Data items:
------------------------------

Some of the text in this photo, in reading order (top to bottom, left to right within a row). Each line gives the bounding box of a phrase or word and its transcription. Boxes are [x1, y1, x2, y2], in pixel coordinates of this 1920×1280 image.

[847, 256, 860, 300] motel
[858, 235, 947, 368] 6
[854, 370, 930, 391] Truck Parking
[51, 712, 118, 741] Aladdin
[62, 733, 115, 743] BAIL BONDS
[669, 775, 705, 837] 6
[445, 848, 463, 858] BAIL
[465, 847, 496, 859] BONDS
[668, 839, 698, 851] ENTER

------------------------------

→ YOUR OBJECTIVE: Retype all the records, matching them exactly.

→ SOLUTION FOR THIS TASK:
Some of the text in this photo, in reading order (top to bottom, left to right within a row). Each line gives the bounding box of a phrase or word and its transcription. Boxes are [x1, y1, x2, y2], in pixel coordinates of this 1920×1280 image.

[847, 256, 860, 300] motel
[858, 235, 947, 368] 6
[854, 370, 930, 391] Truck Parking
[51, 712, 118, 741] Aladdin
[62, 733, 115, 743] BAIL BONDS
[669, 775, 705, 837] 6
[445, 848, 463, 858] BAIL
[465, 847, 496, 859] BONDS
[668, 839, 698, 851] ENTER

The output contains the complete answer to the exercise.